• [Prompt]:
For this exercise, restate every line below word for word and drop the images.

• [Source data]:
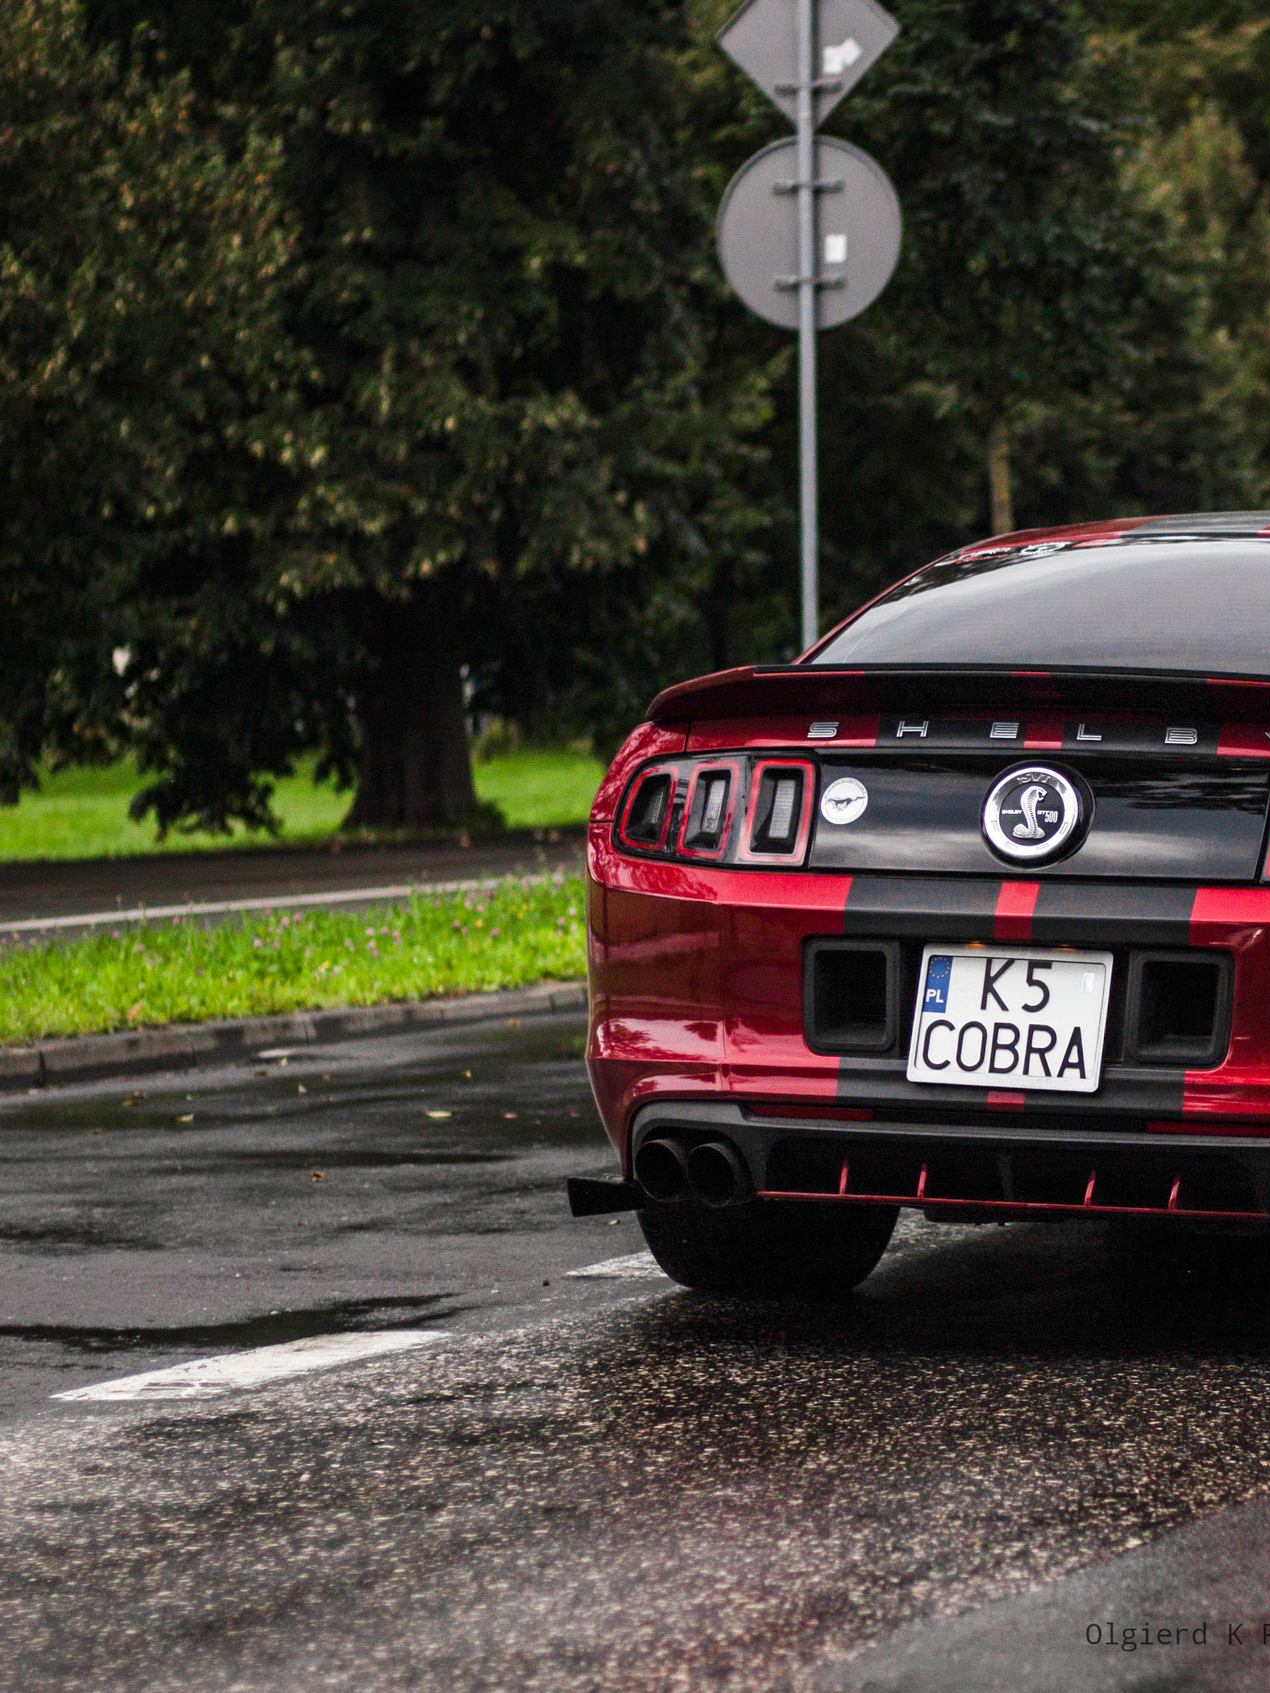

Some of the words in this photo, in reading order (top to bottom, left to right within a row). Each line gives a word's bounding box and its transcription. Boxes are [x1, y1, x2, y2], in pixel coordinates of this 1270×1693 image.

[925, 988, 944, 1003] PL
[980, 958, 1053, 1013] K5
[922, 1019, 1087, 1079] COBRA
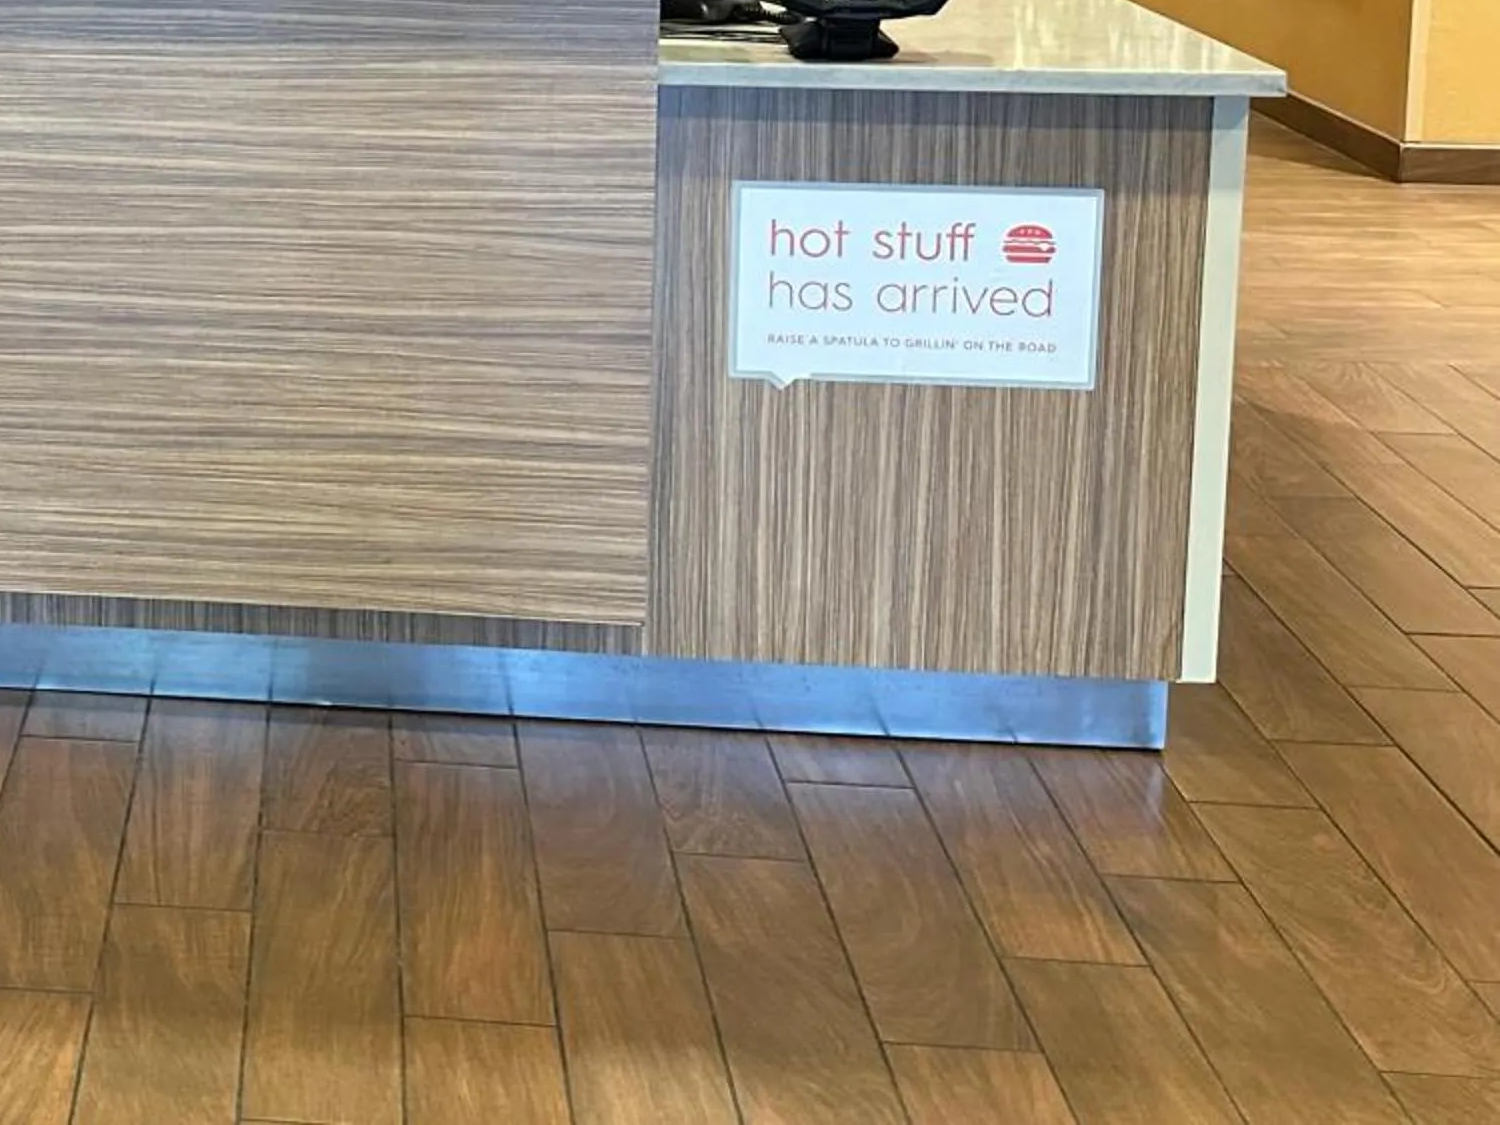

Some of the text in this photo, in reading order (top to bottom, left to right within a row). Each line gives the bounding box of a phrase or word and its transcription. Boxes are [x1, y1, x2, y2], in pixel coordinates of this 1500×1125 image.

[770, 218, 977, 261] hot stuff
[769, 270, 1053, 318] has arrived
[767, 333, 805, 345] RAISE
[808, 334, 819, 345] A
[823, 335, 879, 348] SPATULA
[883, 337, 901, 348] TO
[963, 340, 983, 351] ON
[988, 341, 1013, 352] THE
[1018, 342, 1058, 354] ROAD
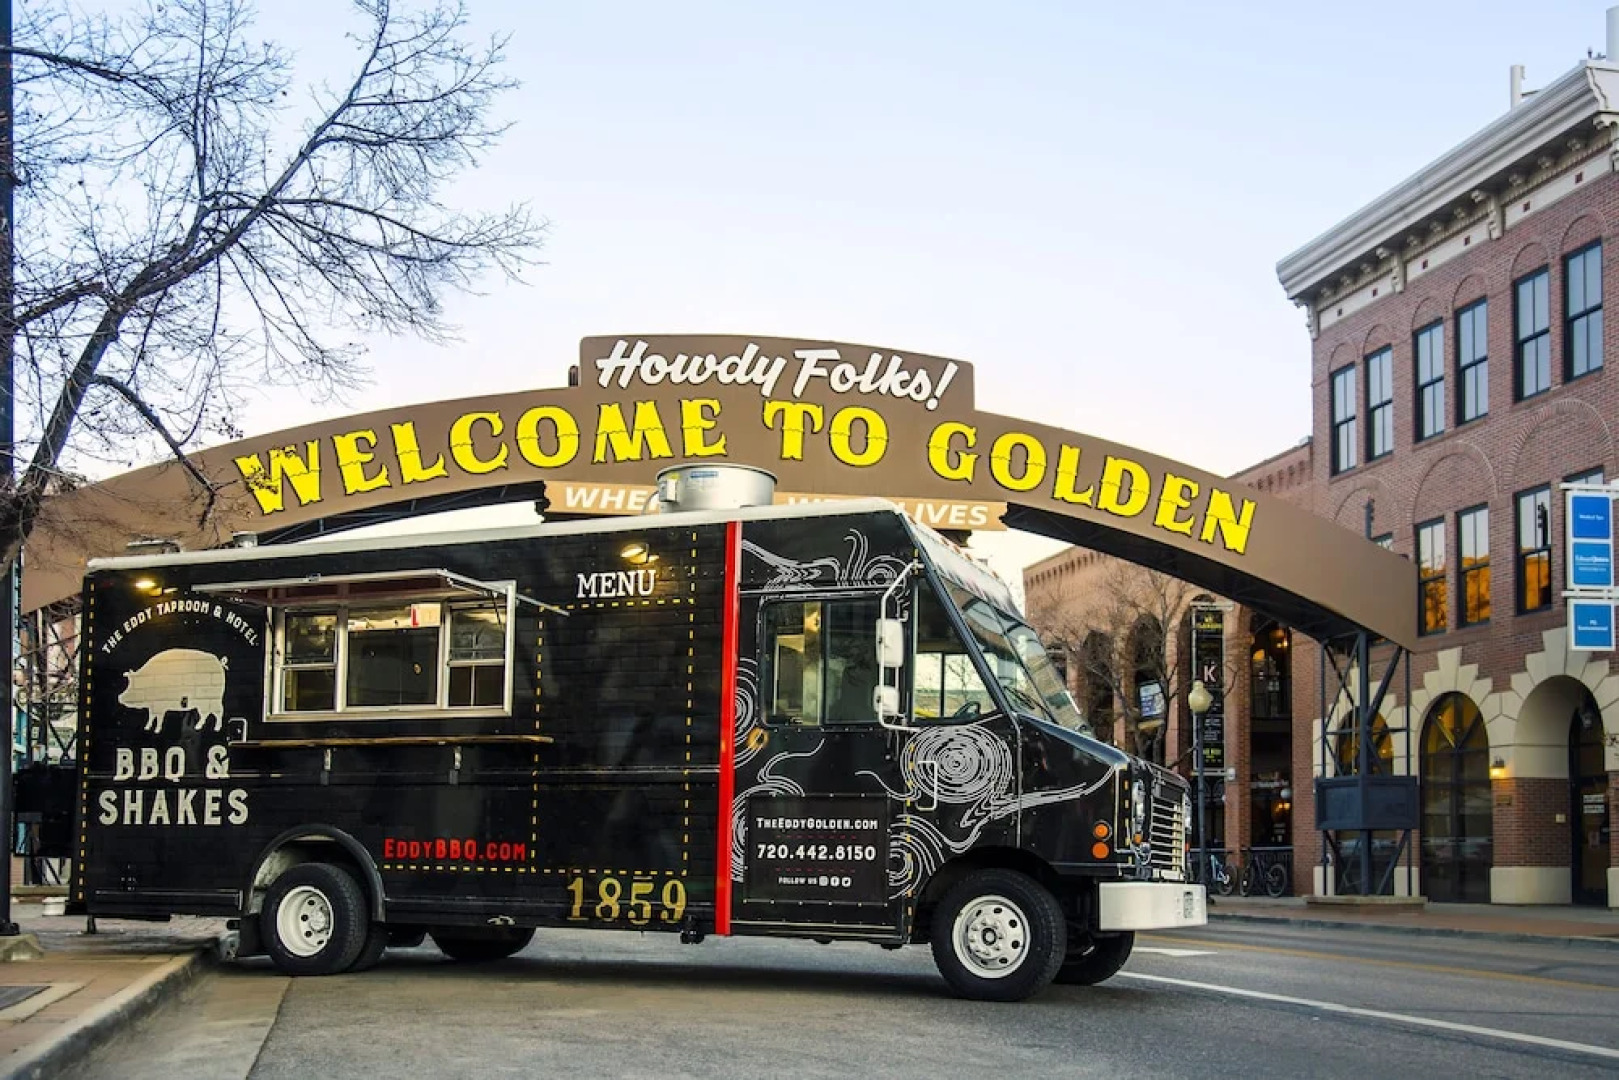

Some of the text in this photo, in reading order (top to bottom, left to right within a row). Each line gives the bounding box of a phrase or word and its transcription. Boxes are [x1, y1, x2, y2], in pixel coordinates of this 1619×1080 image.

[595, 339, 959, 410] Howdy Folks!
[233, 398, 1258, 555] WELCOME TO GOLDEN
[901, 502, 989, 526] IVES
[576, 569, 657, 599] MENU
[101, 599, 257, 654] THE EDDY TAPROOM & HOTEL
[113, 745, 230, 782] BBQ &
[98, 789, 249, 825] SHAKES
[756, 844, 877, 861] 720.442.8150
[778, 877, 818, 885] FOLLOW US
[566, 876, 688, 926] 1859
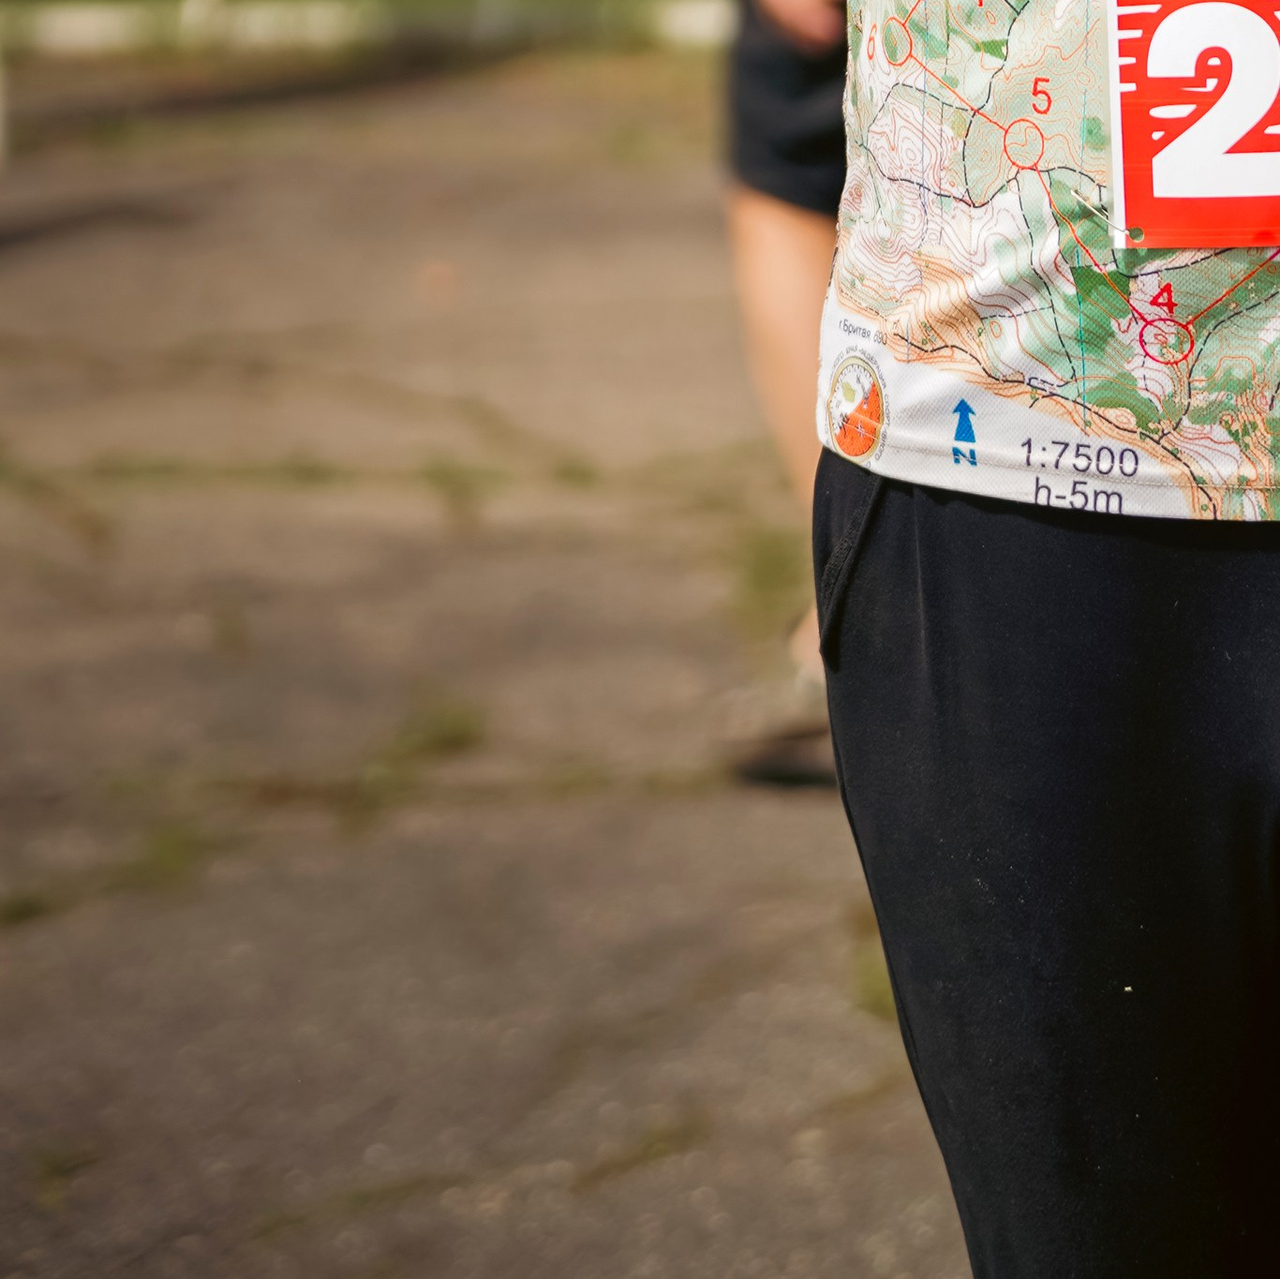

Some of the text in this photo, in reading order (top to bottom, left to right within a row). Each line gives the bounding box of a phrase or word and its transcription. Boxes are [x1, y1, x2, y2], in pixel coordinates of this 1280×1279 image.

[1032, 77, 1053, 115] 5
[1150, 283, 1178, 314] 4
[1021, 438, 1140, 478] 1:7500
[1034, 477, 1123, 514] h-5m
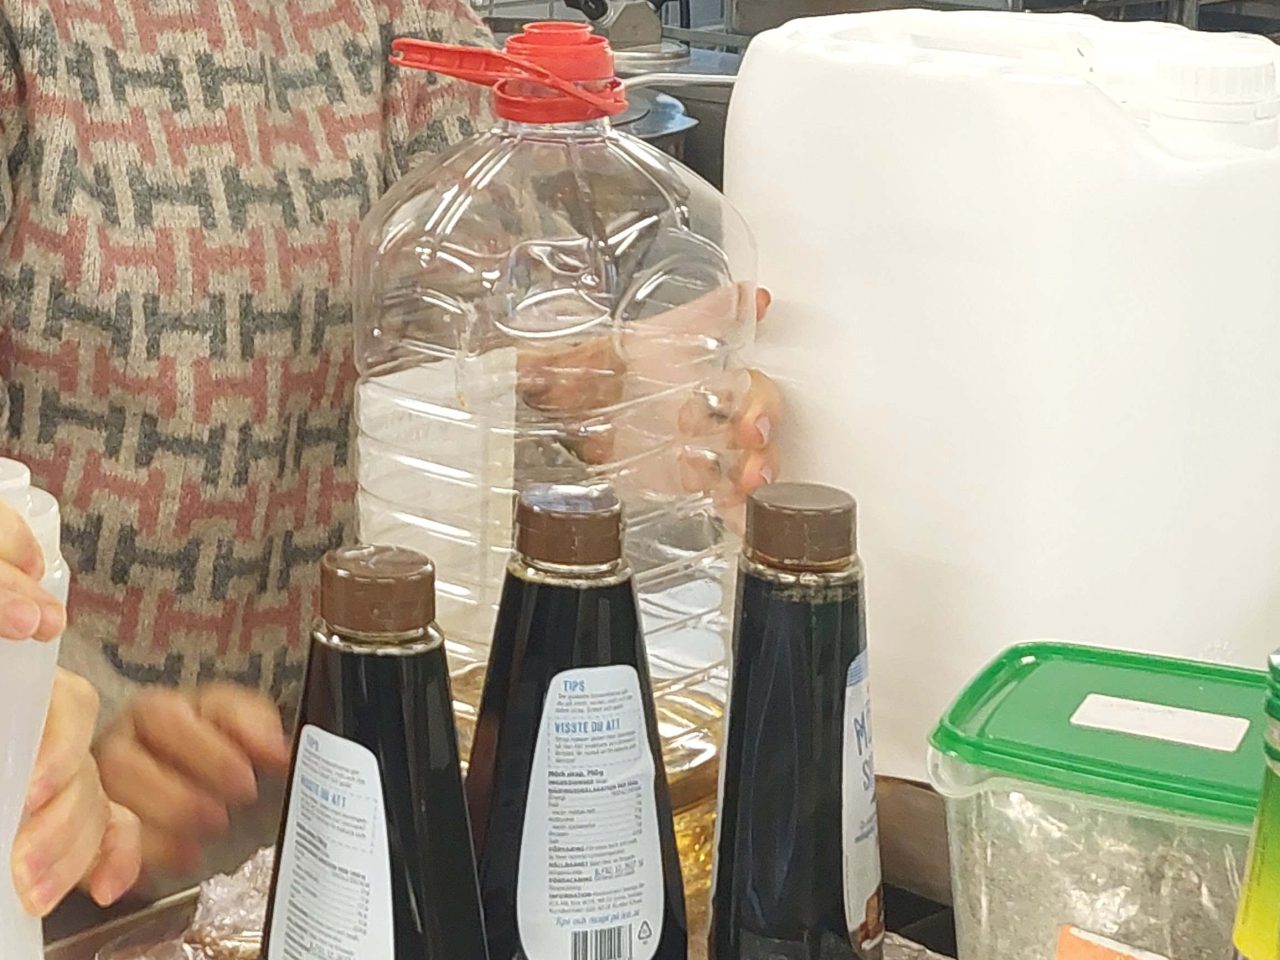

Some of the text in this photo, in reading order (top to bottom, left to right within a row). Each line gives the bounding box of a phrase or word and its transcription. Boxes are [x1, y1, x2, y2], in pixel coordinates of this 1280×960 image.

[563, 679, 586, 692] TIPS
[554, 718, 621, 734] VISSTE DU ATT

• [Response area]:
Some of the words in this photo, in reading order (top to bottom, left to right within a row). Each line gives a word's bounding box and its transcription. Boxes are [x1, y1, x2, y2], in pixel coordinates of this 1270×1693 image.

[925, 988, 944, 1003] PL
[980, 958, 1053, 1013] K5
[922, 1019, 1087, 1079] COBRA

Some of the text in this photo, in reading order (top to bottom, left to right within a row). Each line gives the bounding box of a phrase or word and its transcription. Boxes are [x1, y1, x2, y2], in pixel coordinates of this 1500×1125 image.

[770, 218, 977, 261] hot stuff
[769, 270, 1053, 318] has arrived
[767, 333, 805, 345] RAISE
[808, 334, 819, 345] A
[823, 335, 879, 348] SPATULA
[883, 337, 901, 348] TO
[963, 340, 983, 351] ON
[988, 341, 1013, 352] THE
[1018, 342, 1058, 354] ROAD

Some of the text in this photo, in reading order (top to bottom, left to right within a row). Each line gives the bounding box of a phrase or word and its transcription. Boxes are [x1, y1, x2, y2], in pixel coordinates of this 1619×1080 image.

[595, 339, 959, 410] Howdy Folks!
[233, 398, 1258, 555] WELCOME TO GOLDEN
[901, 502, 989, 526] IVES
[576, 569, 657, 599] MENU
[101, 599, 257, 654] THE EDDY TAPROOM & HOTEL
[113, 745, 230, 782] BBQ &
[98, 789, 249, 825] SHAKES
[756, 844, 877, 861] 720.442.8150
[778, 877, 818, 885] FOLLOW US
[566, 876, 688, 926] 1859

Some of the text in this photo, in reading order (top to bottom, left to right within a row). Each line gives the bounding box of a phrase or word and its transcription. Boxes are [x1, y1, x2, y2], in pixel coordinates of this 1280×1279 image.

[1032, 77, 1053, 115] 5
[1150, 283, 1178, 314] 4
[1021, 438, 1140, 478] 1:7500
[1034, 477, 1123, 514] h-5m

Some of the text in this photo, in reading order (top to bottom, left to right within a row). Each line gives the bounding box of a phrase or word and its transcription. Boxes are [x1, y1, x2, y2], in pixel coordinates of this 1280×960 image.

[563, 679, 586, 692] TIPS
[554, 718, 621, 734] VISSTE DU ATT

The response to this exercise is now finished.